**The data**:

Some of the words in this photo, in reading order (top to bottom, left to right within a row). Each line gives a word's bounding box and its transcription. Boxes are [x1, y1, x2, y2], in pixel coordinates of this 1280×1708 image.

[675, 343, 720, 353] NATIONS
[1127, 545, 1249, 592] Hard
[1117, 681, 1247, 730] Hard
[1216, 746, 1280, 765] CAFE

**Work to be completed**: The records need to be set down again without a single difference.

**Expected answer**:
Some of the words in this photo, in reading order (top to bottom, left to right within a row). Each line gives a word's bounding box and its transcription. Boxes are [x1, y1, x2, y2], in pixel coordinates of this 1280×1708 image.

[675, 343, 720, 353] NATIONS
[1127, 545, 1249, 592] Hard
[1117, 681, 1247, 730] Hard
[1216, 746, 1280, 765] CAFE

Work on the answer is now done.